**Your objective**
Go through the listing below and repeat it exactly, omitting each picture.

**Records shown**
★ ★ ★ ★ ★
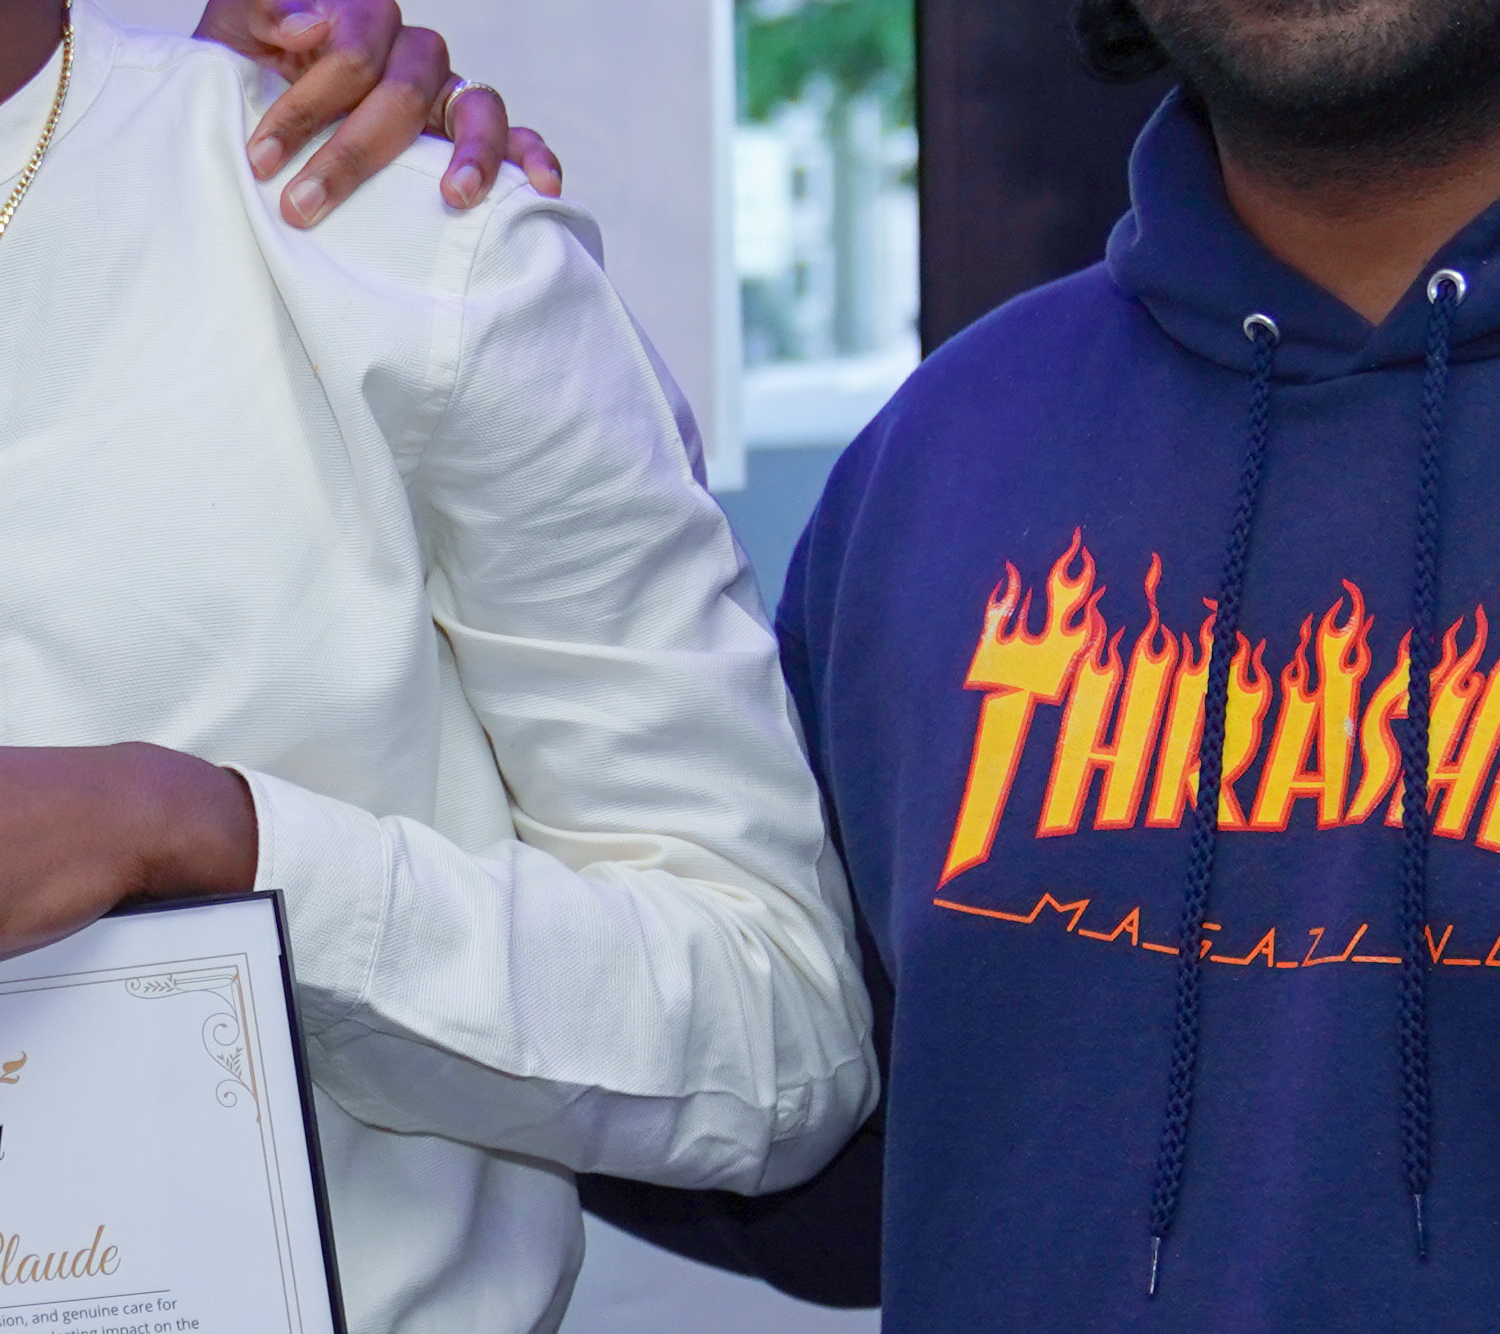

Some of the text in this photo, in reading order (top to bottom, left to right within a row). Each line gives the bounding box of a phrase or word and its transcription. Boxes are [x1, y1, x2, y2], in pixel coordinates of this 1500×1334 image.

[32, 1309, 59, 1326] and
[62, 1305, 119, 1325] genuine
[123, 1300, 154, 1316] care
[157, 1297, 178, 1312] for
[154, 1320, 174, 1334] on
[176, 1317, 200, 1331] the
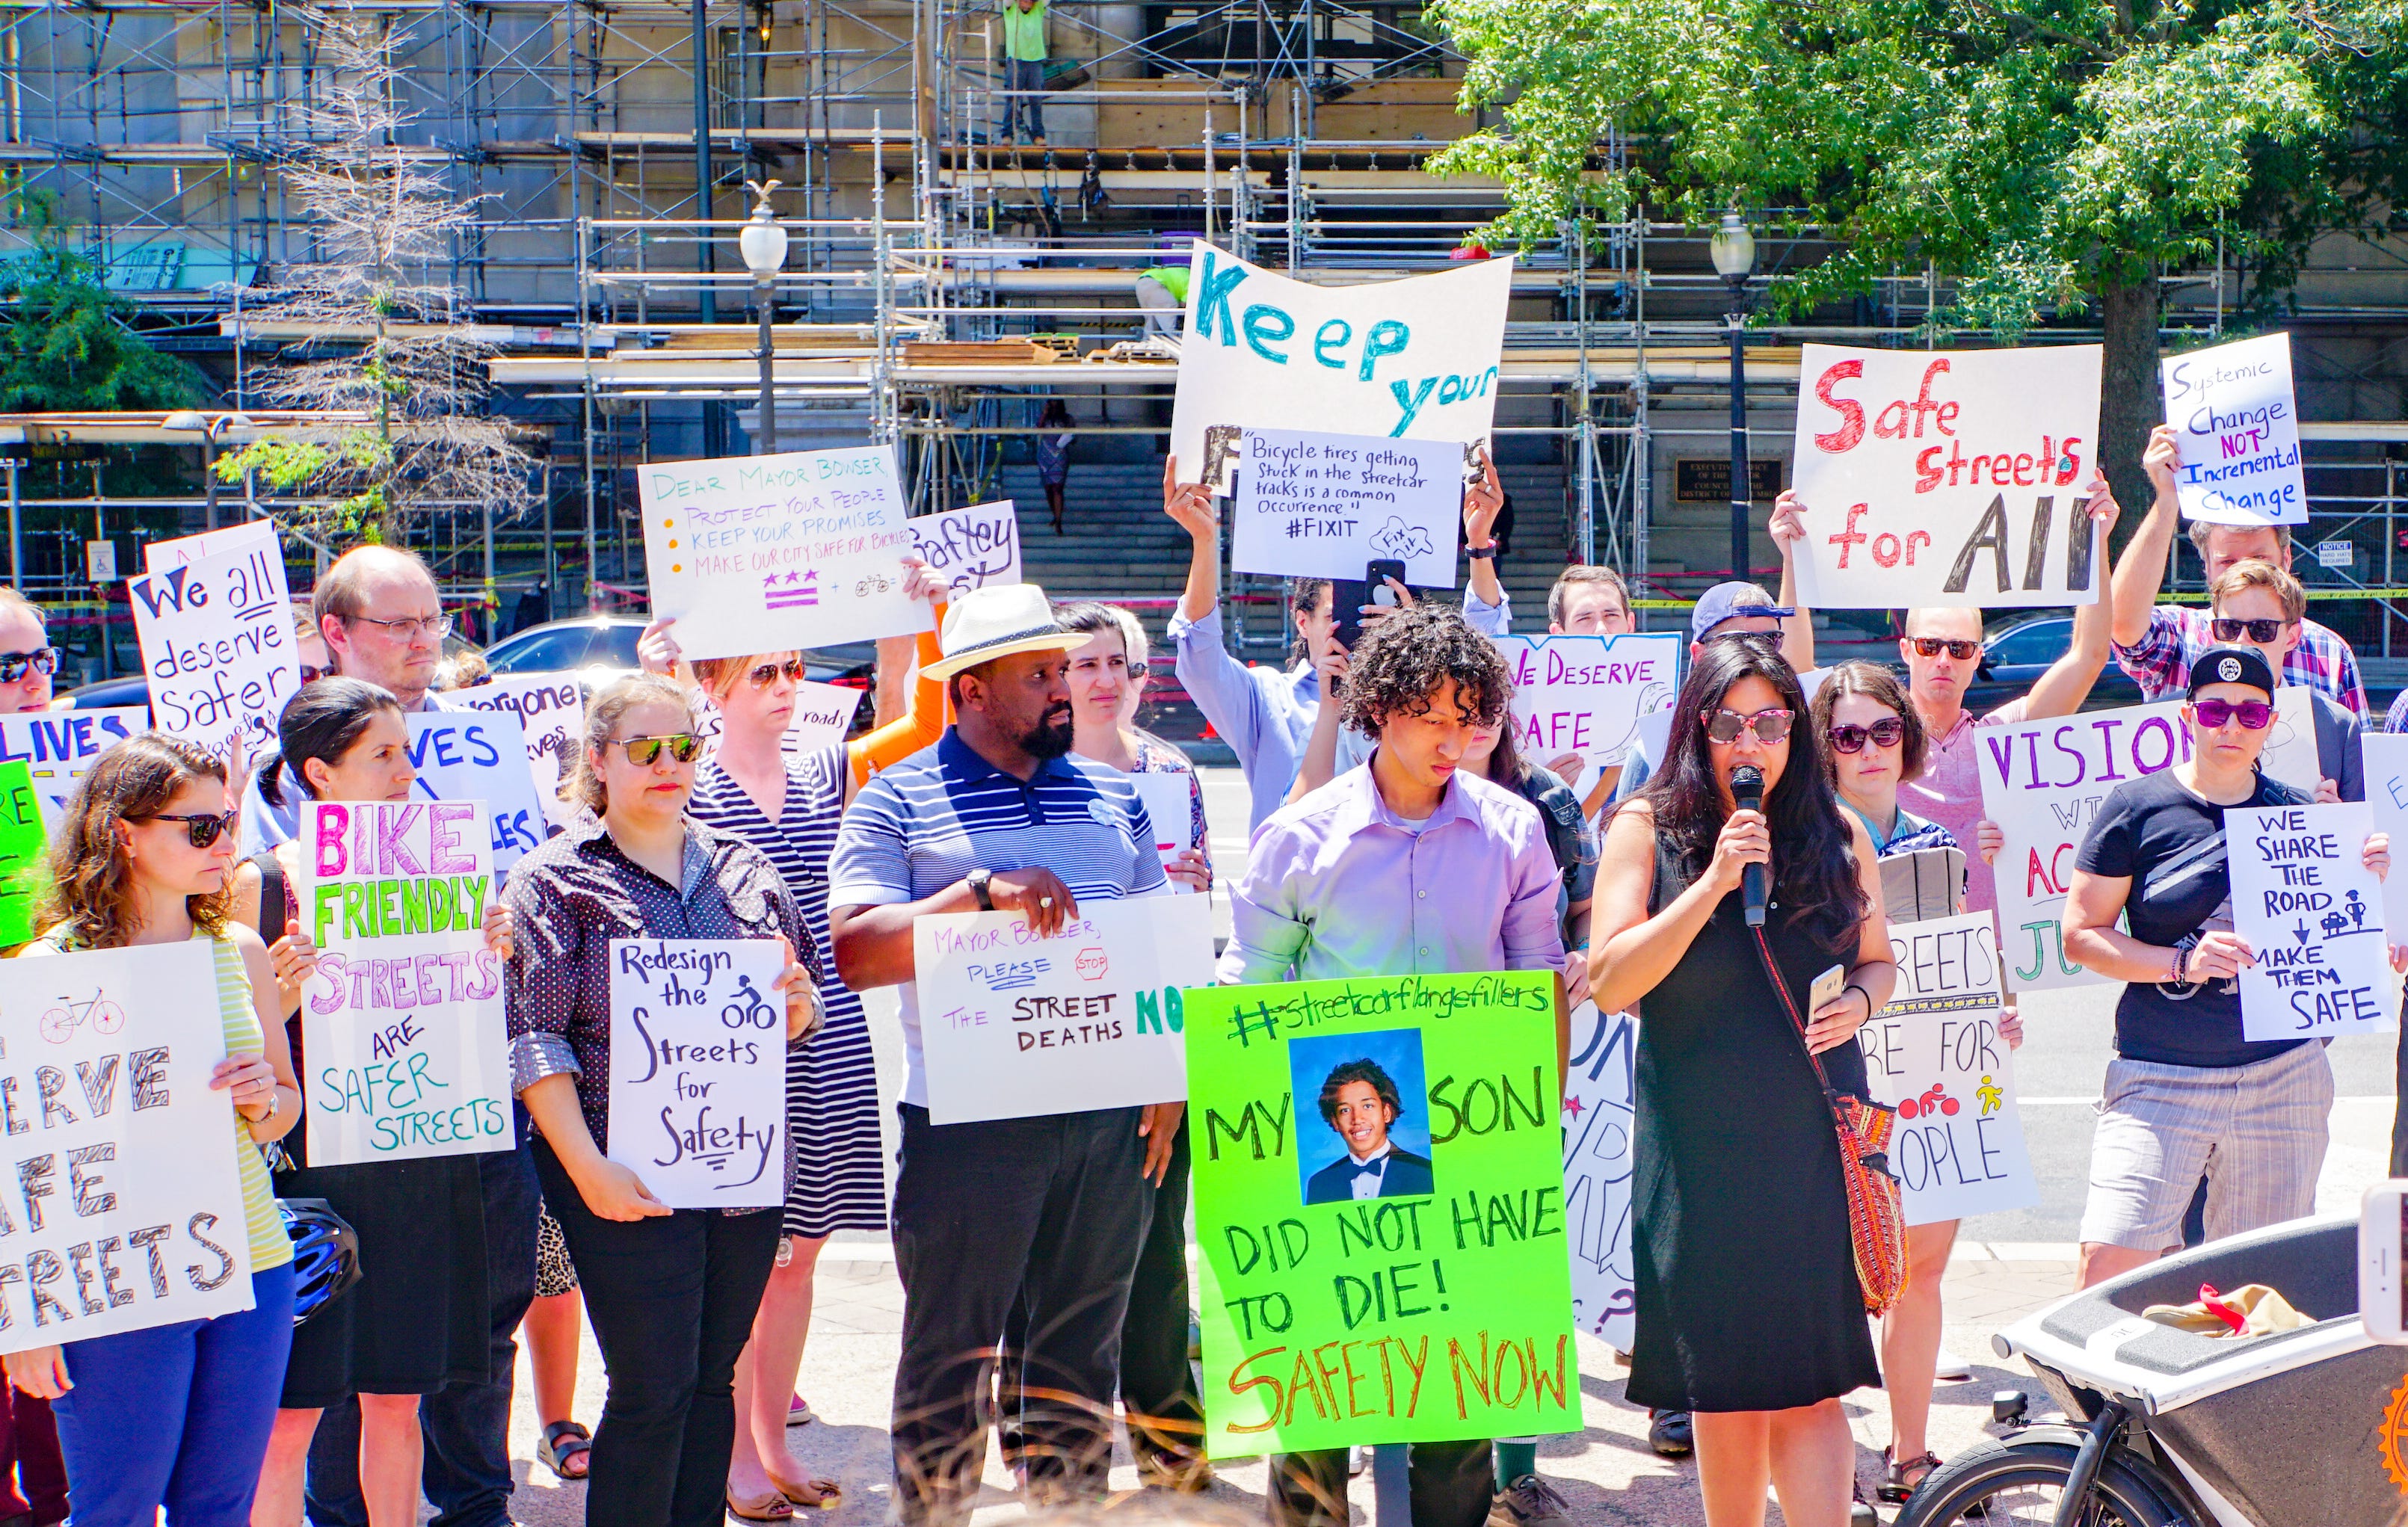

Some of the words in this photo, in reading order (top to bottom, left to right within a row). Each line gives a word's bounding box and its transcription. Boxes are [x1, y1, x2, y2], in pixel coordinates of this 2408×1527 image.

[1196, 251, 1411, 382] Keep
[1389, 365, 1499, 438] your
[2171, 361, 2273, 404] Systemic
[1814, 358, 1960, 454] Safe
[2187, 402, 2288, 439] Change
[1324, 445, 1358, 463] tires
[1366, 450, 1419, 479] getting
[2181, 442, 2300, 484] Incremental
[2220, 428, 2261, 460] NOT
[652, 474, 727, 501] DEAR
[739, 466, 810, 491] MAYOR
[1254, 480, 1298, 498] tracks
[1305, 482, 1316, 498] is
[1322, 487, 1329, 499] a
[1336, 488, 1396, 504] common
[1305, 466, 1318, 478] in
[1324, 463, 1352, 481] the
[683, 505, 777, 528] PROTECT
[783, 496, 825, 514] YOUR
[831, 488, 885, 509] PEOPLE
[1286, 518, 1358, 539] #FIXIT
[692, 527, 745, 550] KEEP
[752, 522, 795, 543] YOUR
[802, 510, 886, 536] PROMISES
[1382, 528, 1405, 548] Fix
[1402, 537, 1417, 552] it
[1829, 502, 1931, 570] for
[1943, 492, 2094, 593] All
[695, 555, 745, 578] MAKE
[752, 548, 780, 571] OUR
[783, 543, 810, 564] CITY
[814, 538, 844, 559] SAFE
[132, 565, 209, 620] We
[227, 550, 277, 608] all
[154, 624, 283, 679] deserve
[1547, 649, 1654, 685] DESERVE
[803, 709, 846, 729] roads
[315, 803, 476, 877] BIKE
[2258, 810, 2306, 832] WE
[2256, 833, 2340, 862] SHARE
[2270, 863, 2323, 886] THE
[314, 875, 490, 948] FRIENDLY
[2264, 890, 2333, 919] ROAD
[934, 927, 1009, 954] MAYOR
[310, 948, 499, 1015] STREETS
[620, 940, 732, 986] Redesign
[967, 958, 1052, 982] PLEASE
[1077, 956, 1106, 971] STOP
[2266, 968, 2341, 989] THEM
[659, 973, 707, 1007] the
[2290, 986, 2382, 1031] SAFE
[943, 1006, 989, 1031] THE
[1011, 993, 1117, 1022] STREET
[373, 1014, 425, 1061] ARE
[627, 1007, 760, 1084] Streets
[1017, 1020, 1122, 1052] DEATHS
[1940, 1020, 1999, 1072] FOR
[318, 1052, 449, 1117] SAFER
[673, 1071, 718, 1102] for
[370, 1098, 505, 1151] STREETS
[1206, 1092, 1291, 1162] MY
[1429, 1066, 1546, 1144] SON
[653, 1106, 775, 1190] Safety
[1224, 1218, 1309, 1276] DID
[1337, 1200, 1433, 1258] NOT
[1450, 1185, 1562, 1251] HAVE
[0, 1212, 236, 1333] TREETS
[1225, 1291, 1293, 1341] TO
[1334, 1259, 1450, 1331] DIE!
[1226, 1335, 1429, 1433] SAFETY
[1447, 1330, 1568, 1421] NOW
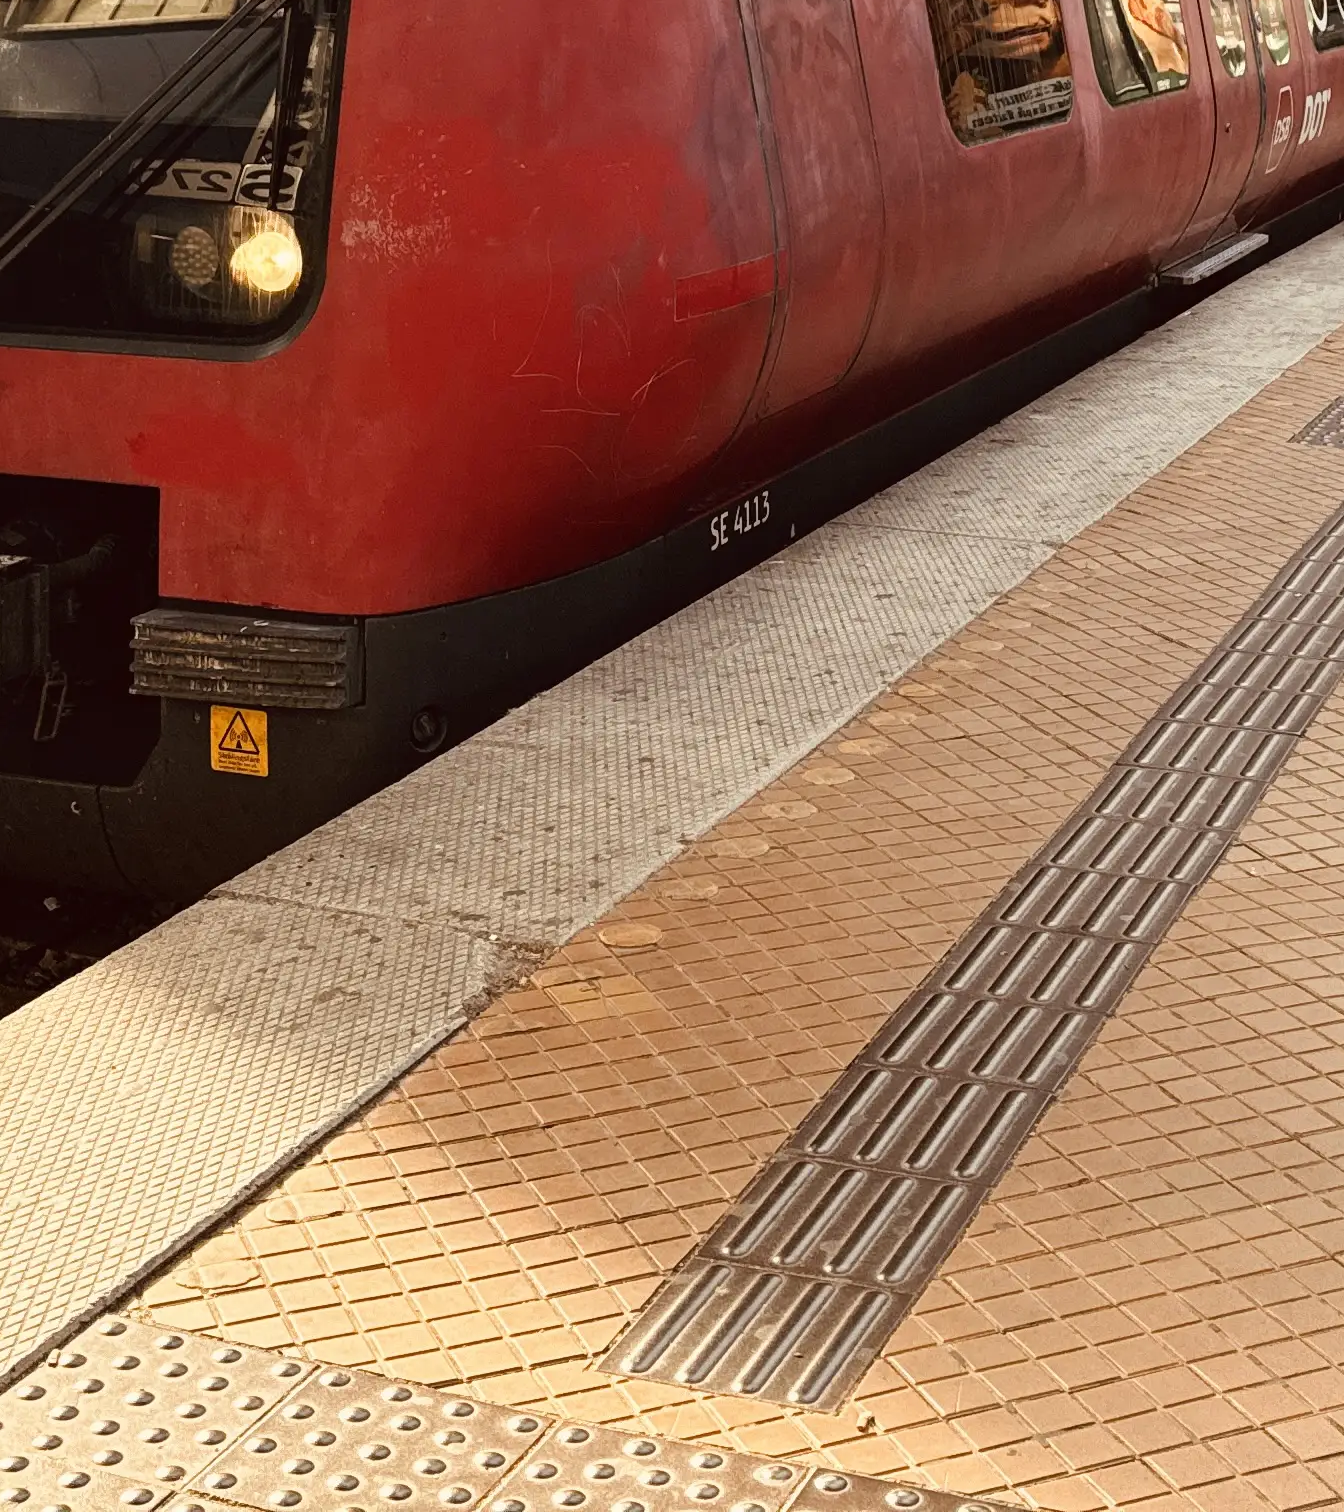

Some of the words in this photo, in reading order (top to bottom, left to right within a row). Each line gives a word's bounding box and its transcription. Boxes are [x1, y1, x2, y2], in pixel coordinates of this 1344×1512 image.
★ ★ ★ ★ ★
**Task output**
Some of the text in this photo, in reading order (top to bottom, left to right within a row). Each line gives the bounding box of a phrase or word and its transcription. Boxes are [x1, y1, x2, y2], in pixel coordinates of this 1500×1334 image.

[32, 1309, 59, 1326] and
[62, 1305, 119, 1325] genuine
[123, 1300, 154, 1316] care
[157, 1297, 178, 1312] for
[154, 1320, 174, 1334] on
[176, 1317, 200, 1331] the

Some of the words in this photo, in reading order (top to bottom, left to right within a row). Each line gives a word's bounding box and its transcription. Boxes are [x1, y1, x2, y2], in pixel coordinates of this 2408×1527 image.

[1196, 251, 1411, 382] Keep
[1389, 365, 1499, 438] your
[2171, 361, 2273, 404] Systemic
[1814, 358, 1960, 454] Safe
[2187, 402, 2288, 439] Change
[1324, 445, 1358, 463] tires
[1366, 450, 1419, 479] getting
[2181, 442, 2300, 484] Incremental
[2220, 428, 2261, 460] NOT
[652, 474, 727, 501] DEAR
[739, 466, 810, 491] MAYOR
[1254, 480, 1298, 498] tracks
[1305, 482, 1316, 498] is
[1322, 487, 1329, 499] a
[1336, 488, 1396, 504] common
[1305, 466, 1318, 478] in
[1324, 463, 1352, 481] the
[683, 505, 777, 528] PROTECT
[783, 496, 825, 514] YOUR
[831, 488, 885, 509] PEOPLE
[1286, 518, 1358, 539] #FIXIT
[692, 527, 745, 550] KEEP
[752, 522, 795, 543] YOUR
[802, 510, 886, 536] PROMISES
[1382, 528, 1405, 548] Fix
[1402, 537, 1417, 552] it
[1829, 502, 1931, 570] for
[1943, 492, 2094, 593] All
[695, 555, 745, 578] MAKE
[752, 548, 780, 571] OUR
[783, 543, 810, 564] CITY
[814, 538, 844, 559] SAFE
[132, 565, 209, 620] We
[227, 550, 277, 608] all
[154, 624, 283, 679] deserve
[1547, 649, 1654, 685] DESERVE
[803, 709, 846, 729] roads
[315, 803, 476, 877] BIKE
[2258, 810, 2306, 832] WE
[2256, 833, 2340, 862] SHARE
[2270, 863, 2323, 886] THE
[314, 875, 490, 948] FRIENDLY
[2264, 890, 2333, 919] ROAD
[934, 927, 1009, 954] MAYOR
[310, 948, 499, 1015] STREETS
[620, 940, 732, 986] Redesign
[967, 958, 1052, 982] PLEASE
[1077, 956, 1106, 971] STOP
[2266, 968, 2341, 989] THEM
[659, 973, 707, 1007] the
[2290, 986, 2382, 1031] SAFE
[943, 1006, 989, 1031] THE
[1011, 993, 1117, 1022] STREET
[373, 1014, 425, 1061] ARE
[627, 1007, 760, 1084] Streets
[1017, 1020, 1122, 1052] DEATHS
[1940, 1020, 1999, 1072] FOR
[318, 1052, 449, 1117] SAFER
[673, 1071, 718, 1102] for
[370, 1098, 505, 1151] STREETS
[1206, 1092, 1291, 1162] MY
[1429, 1066, 1546, 1144] SON
[653, 1106, 775, 1190] Safety
[1224, 1218, 1309, 1276] DID
[1337, 1200, 1433, 1258] NOT
[1450, 1185, 1562, 1251] HAVE
[0, 1212, 236, 1333] TREETS
[1225, 1291, 1293, 1341] TO
[1334, 1259, 1450, 1331] DIE!
[1226, 1335, 1429, 1433] SAFETY
[1447, 1330, 1568, 1421] NOW

Some of the words in this photo, in reading order (top to bottom, left to right within a row). Each line gives a word's bounding box and its transcription. Boxes are [x1, y1, x2, y2], in pixel coordinates of this 1344×1512 image.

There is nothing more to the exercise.